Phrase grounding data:
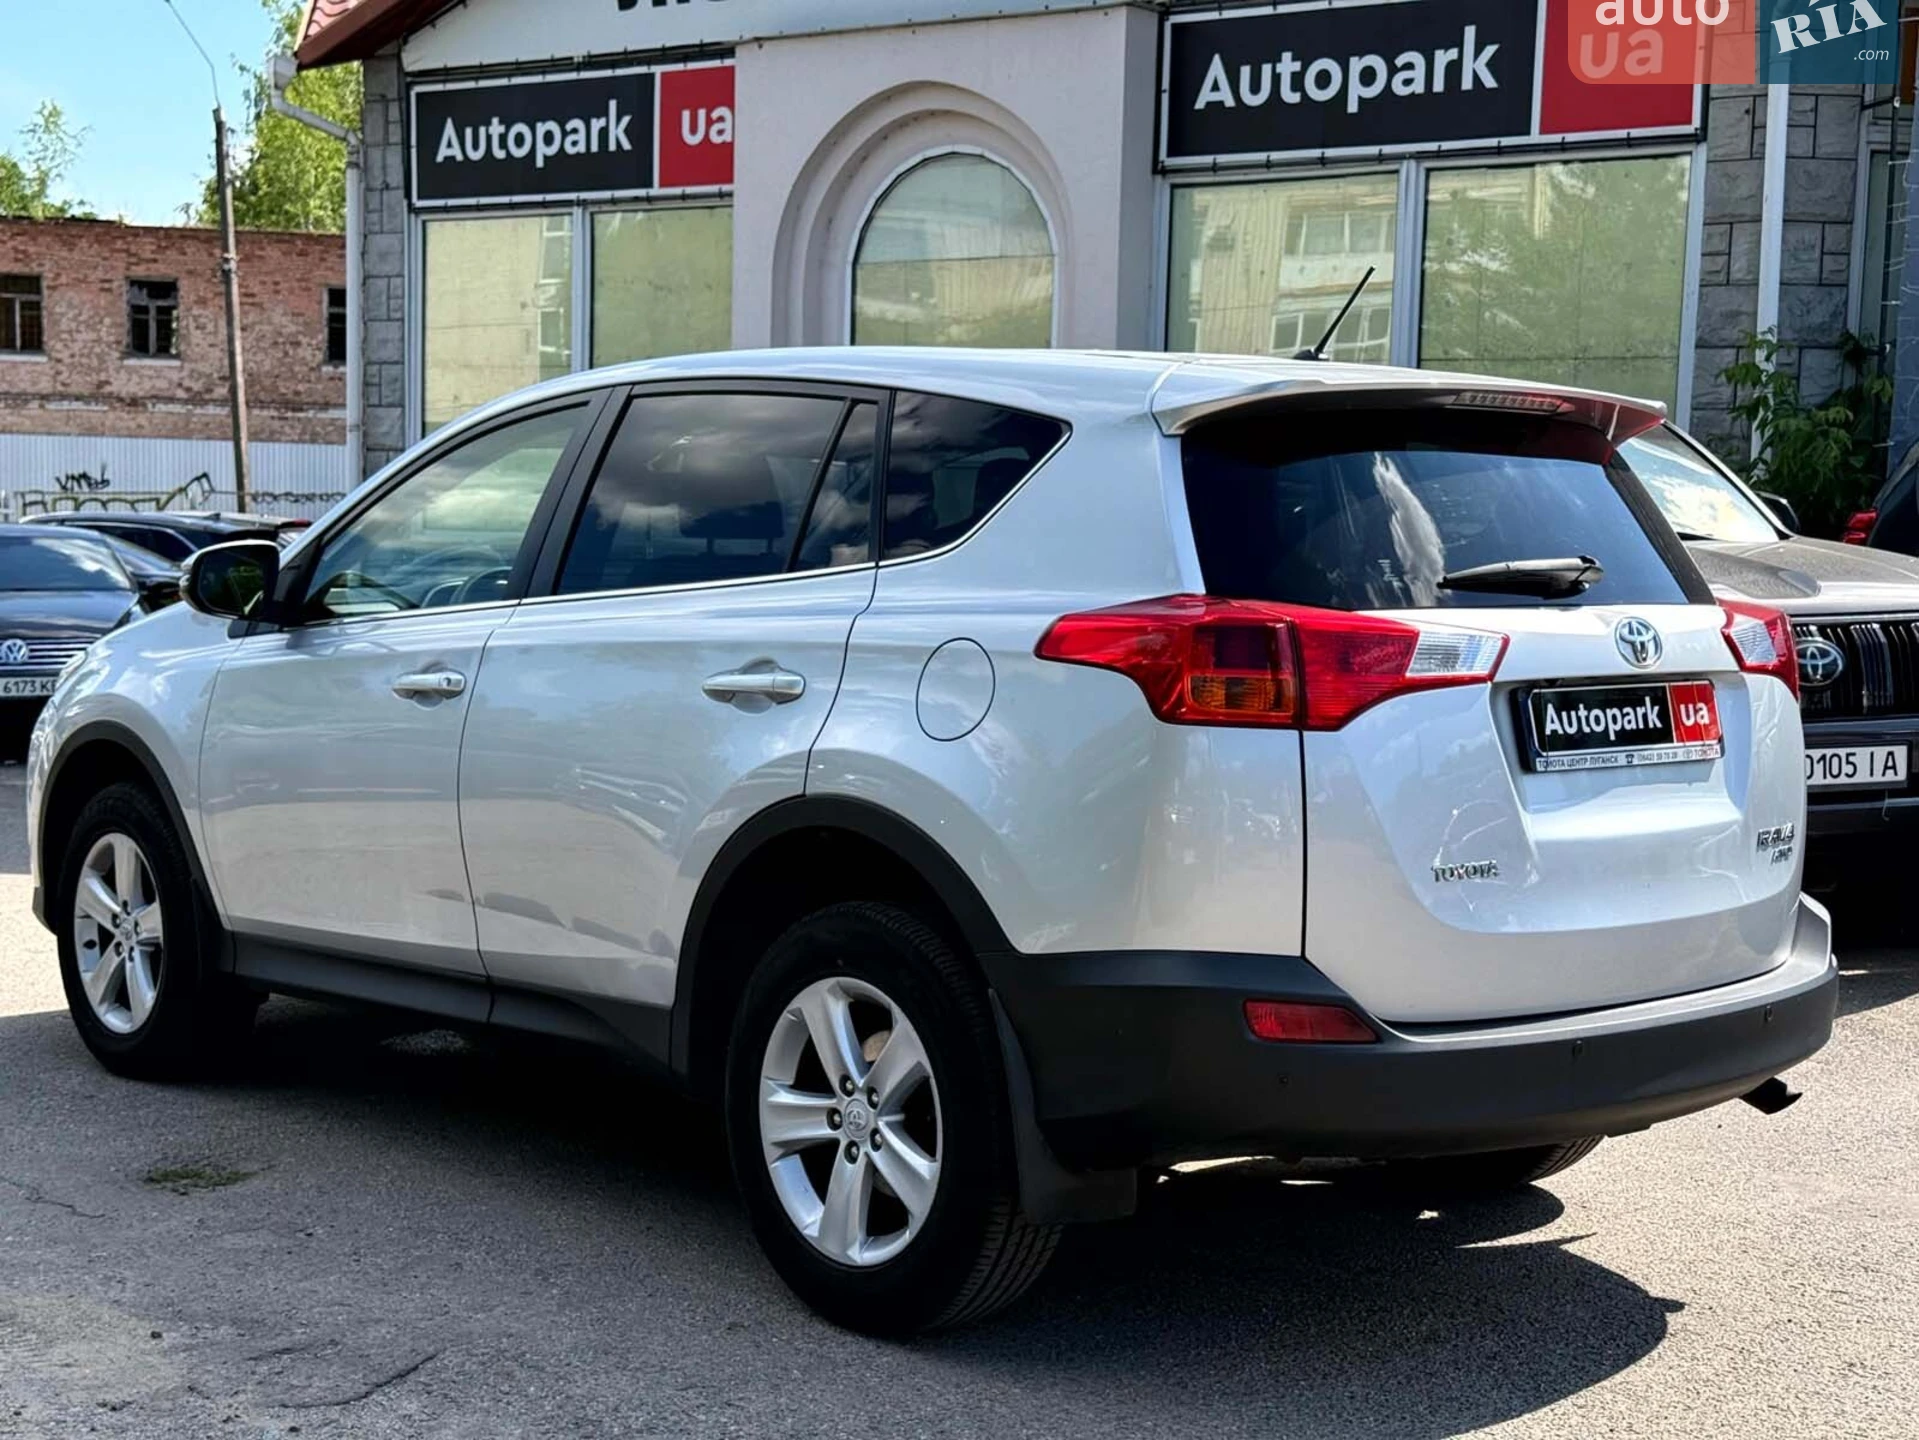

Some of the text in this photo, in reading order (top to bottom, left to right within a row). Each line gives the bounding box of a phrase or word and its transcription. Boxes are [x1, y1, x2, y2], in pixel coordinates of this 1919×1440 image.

[1193, 24, 1663, 114] Autopark ua
[435, 99, 734, 169] Autopark ua
[3, 679, 37, 694] 6173
[1545, 696, 1710, 741] Autopark ua
[1431, 860, 1499, 882] TOYOTA
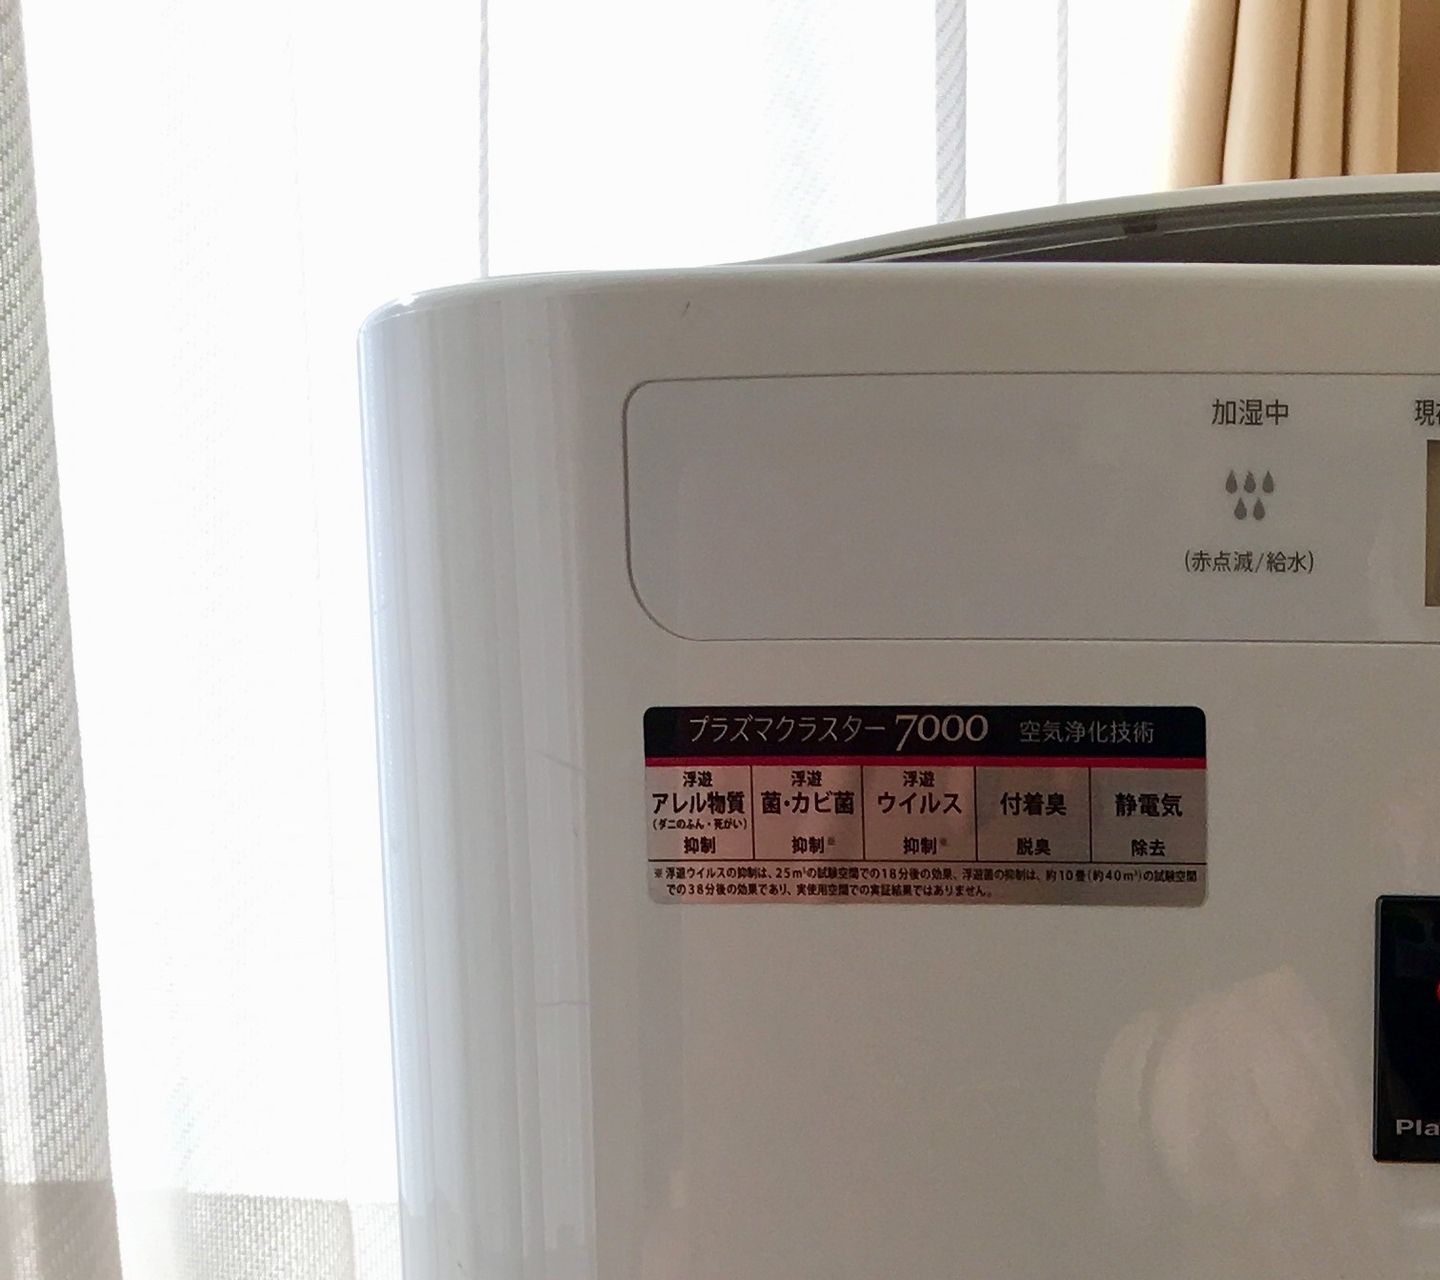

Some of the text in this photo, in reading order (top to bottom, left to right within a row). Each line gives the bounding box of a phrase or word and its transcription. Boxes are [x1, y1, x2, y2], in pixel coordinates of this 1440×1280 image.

[1211, 399, 1290, 427] 加湿中
[688, 714, 1155, 752] プラズマクラスター 7000 空気浄化技術
[682, 771, 713, 788] 浮遊
[791, 771, 822, 788] 浮遊
[903, 771, 935, 788] 浮遊
[651, 793, 745, 815] アレル物質
[877, 792, 963, 816] ウイルス
[1000, 792, 1067, 816] 付着臭
[1115, 793, 1183, 817] 静電気
[683, 836, 716, 855] 抑制
[1016, 838, 1051, 856] 脱臭
[1131, 839, 1166, 857] 除去
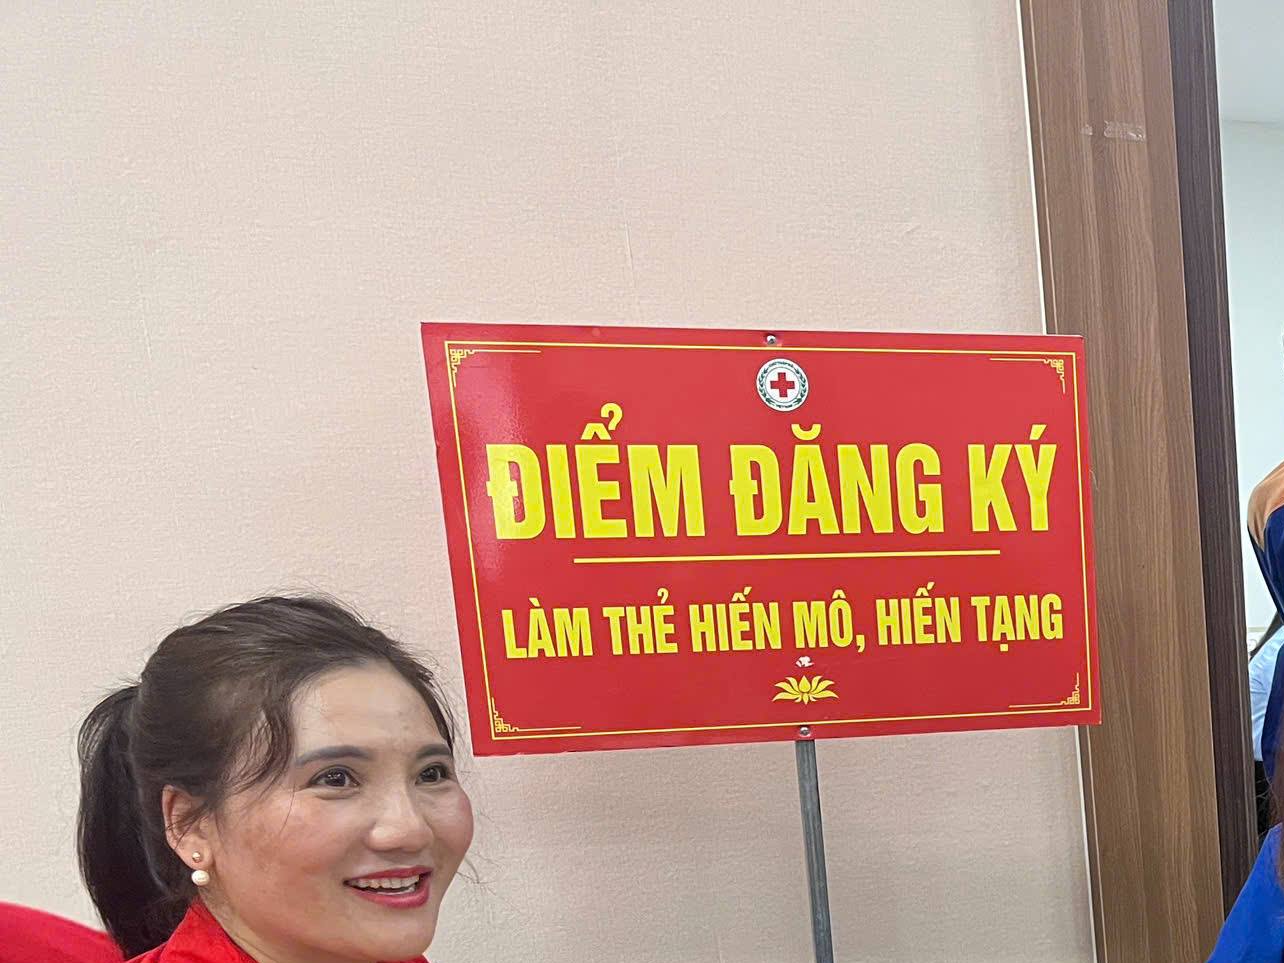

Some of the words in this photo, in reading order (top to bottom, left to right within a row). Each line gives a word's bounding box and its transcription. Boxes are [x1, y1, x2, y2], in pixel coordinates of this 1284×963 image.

REQUIREMENT: Once the pictures are removed, repeat all of the data above exactly.

FINISHED EXERCISE:
Some of the text in this photo, in reading order (top to bottom, left to right within a row). Each line gives the bounding box of a phrase or word and its transcription. Boxes are [x1, y1, x2, y2], in pixel coordinates of this 1919×1440 image.

[1193, 24, 1663, 114] Autopark ua
[435, 99, 734, 169] Autopark ua
[3, 679, 37, 694] 6173
[1545, 696, 1710, 741] Autopark ua
[1431, 860, 1499, 882] TOYOTA

Some of the text in this photo, in reading order (top to bottom, left to right within a row). Each line gives the bounding box of a phrase or word and its transcription. Boxes are [x1, y1, x2, y2], in pixel coordinates of this 1440×1280 image.

[1211, 399, 1290, 427] 加湿中
[688, 714, 1155, 752] プラズマクラスター 7000 空気浄化技術
[682, 771, 713, 788] 浮遊
[791, 771, 822, 788] 浮遊
[903, 771, 935, 788] 浮遊
[651, 793, 745, 815] アレル物質
[877, 792, 963, 816] ウイルス
[1000, 792, 1067, 816] 付着臭
[1115, 793, 1183, 817] 静電気
[683, 836, 716, 855] 抑制
[1016, 838, 1051, 856] 脱臭
[1131, 839, 1166, 857] 除去

Some of the words in this photo, in reading order (top to bottom, left to right within a row). Each line gives a word's bounding box and its transcription. Boxes are [x1, y1, x2, y2], in pixel coordinates of this 1284×963 image.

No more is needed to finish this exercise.